ArgumentException Creating an XmlSerializer

By Eric — 2 minute read

I ran into a kind of baffling problem. I've got some .NET code that is also accessible to Java via JNI. There are unit tests for the .NET code that all pass. To test the Java to .NET connection, I wrote a few JUnit tests which worked fine when run from the IDE, but failed when run from Ant. The failure was ultimately caused by an ArgumentException when creating an XmlSerializer.

The exception was thrown from line 5 in the code below.

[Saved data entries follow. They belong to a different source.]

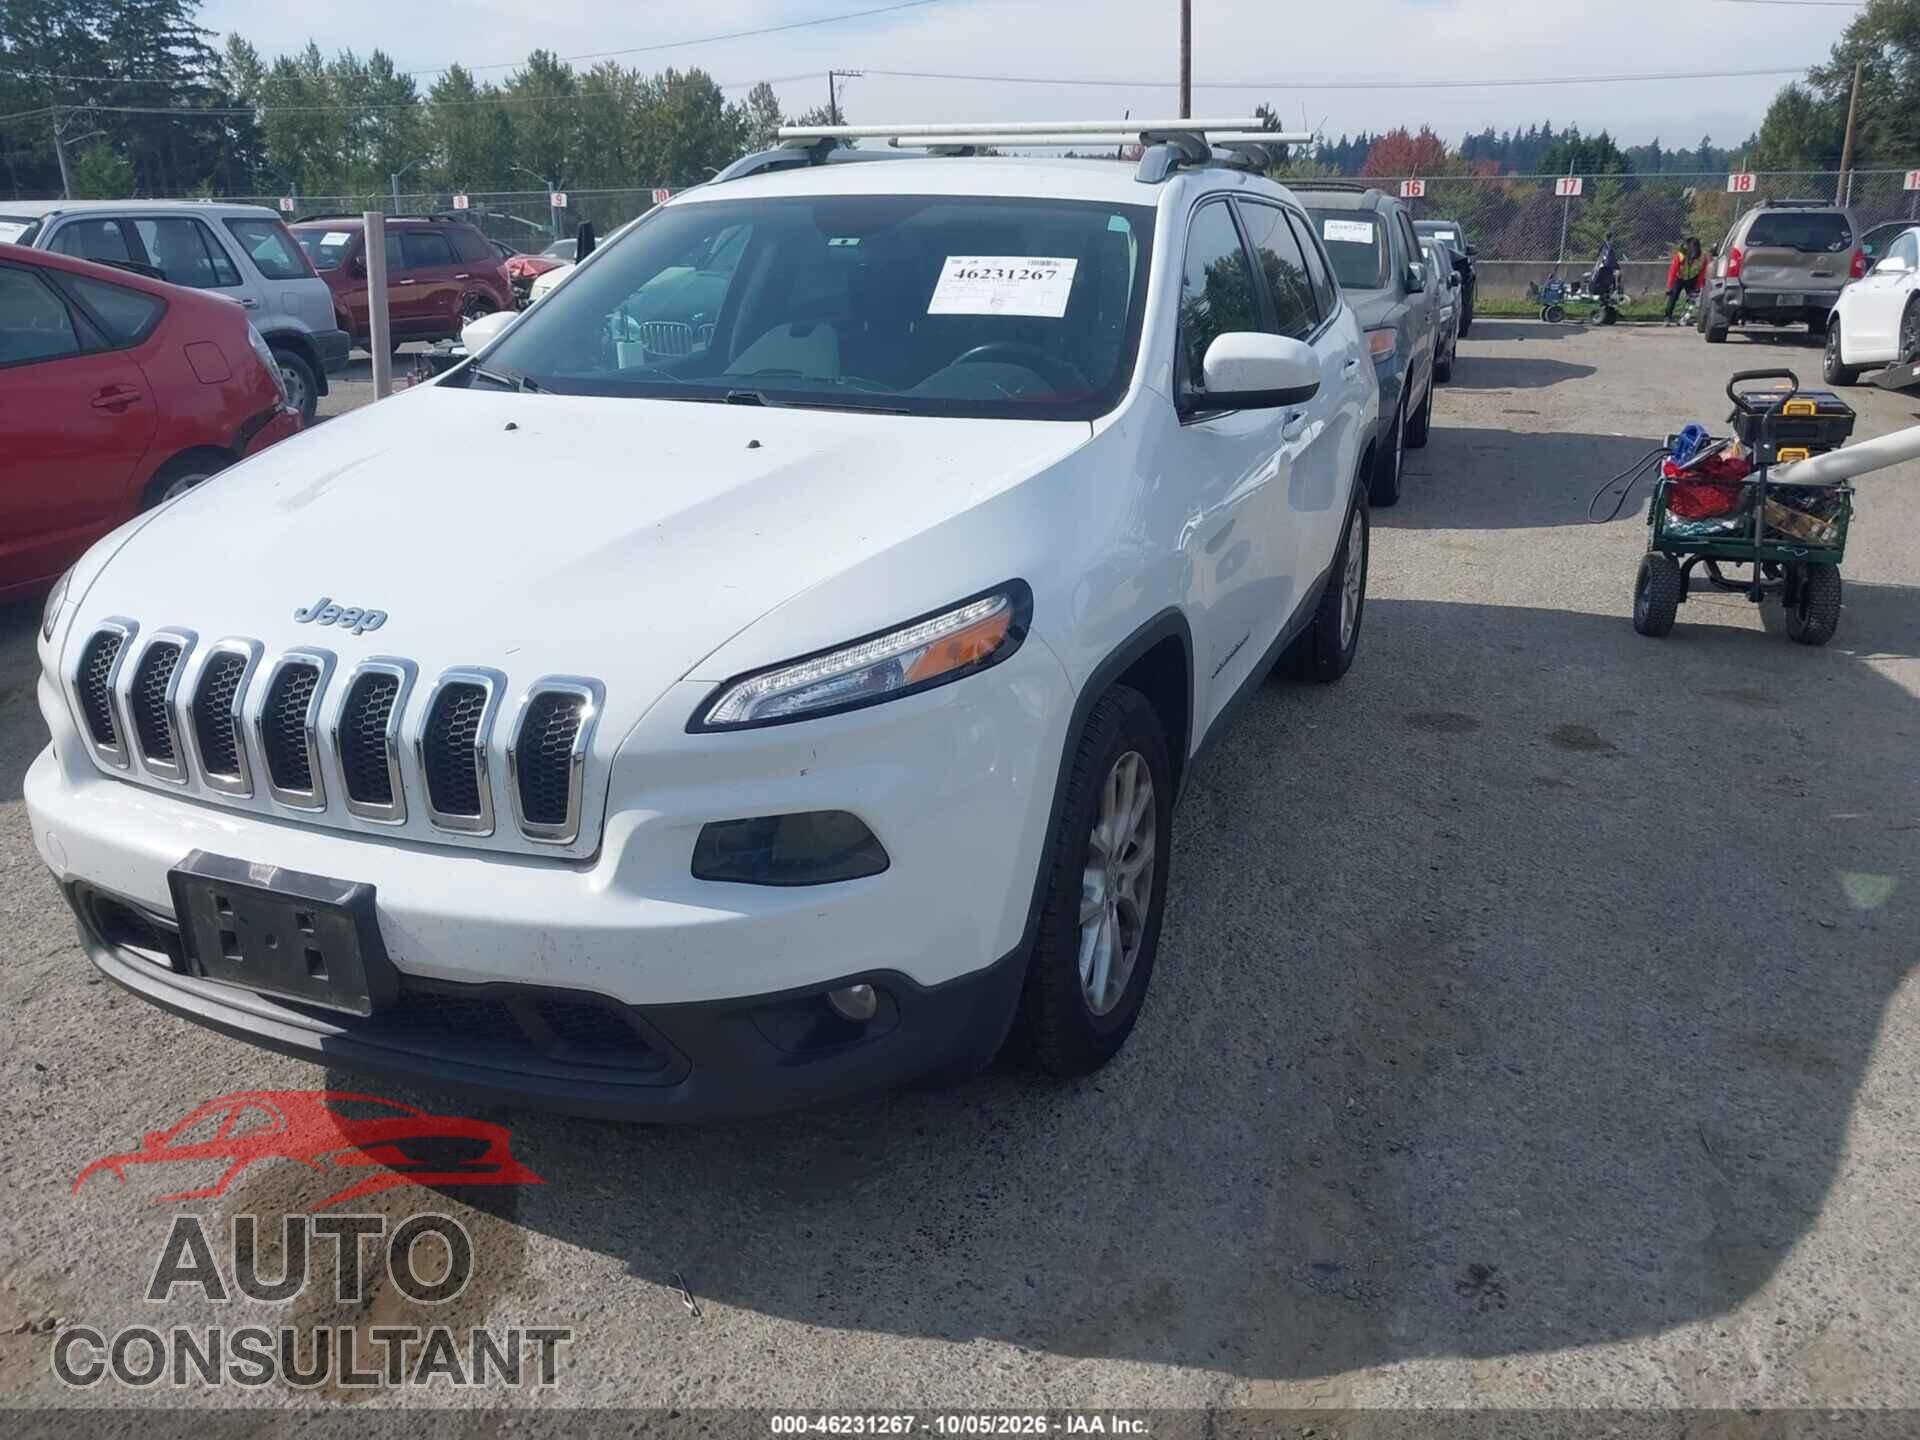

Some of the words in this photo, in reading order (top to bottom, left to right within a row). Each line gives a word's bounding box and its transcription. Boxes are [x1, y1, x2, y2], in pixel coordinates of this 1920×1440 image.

[1562, 180, 1576, 194] 17
[1733, 175, 1750, 190] 18
[1911, 172, 1920, 188] 1
[1407, 181, 1420, 196] 16
[555, 194, 561, 205] 9
[656, 190, 667, 202] 10
[953, 268, 1057, 281] 46231267
[294, 597, 388, 636] Jeep

public static FileTypeHandlerCatalog Load(string fileName)
{
using (StreamReader reader = new StreamReader(fileName))
    {
        XmlSerializer serializer = new XmlSerializer(typeof(FileTypeHandlerCatalog));
        FileTypeHandlerCatalog catalog = (FileTypeHandlerCatalog)serializer.Deserialize(reader);
        catalog.Validate();
        return catalog;
    }
}

The exception message wasn't terribly helpful either since it was obviously disgorging implementation details from somewhere deep in the XmlSerializer class:

System.ArgumentException: Item has already been added. Key in dictionary: 'path' Key being added: 'path'

The stack trace led me to the System.CodeDom.Compiler.Executor.ExecWaitWithCaptureUnimpersonated method, which contains the following bit of code:

StringDictionary sd = new StringDictionary();
foreach (DictionaryEntry entry in Environment.GetEnvironmentVariables())
{
    sd.Add((string) entry.Key, (string) entry.Value);
}

I guess it is copying the environment variables so that it can add a new one related to security. The problem is that when running under Ant, for some reason there were three different PATH environment variables with an assortment of cases: PATH, Path and path. Looking at the StringDictionary.Add implementation, the problem became clear. In line 7, it converts the key to lower case in order to add it to the hash table, resulting in duplicate keys.

public virtual void Add(string key, string value)
{
    if (key == null)
    {
        throw new ArgumentNullException("key");
    }
    this.contents.Add(key.ToLower(CultureInfo.InvariantCulture), value);
}

So it appears to be a bug in the Executor class -- it doesn't expect to encounter multiple keys in the environment variable dictionary that differ only by case.

I solved the problem by pregenerating the serialization assembly using sgen, which is generally a good idea anyway.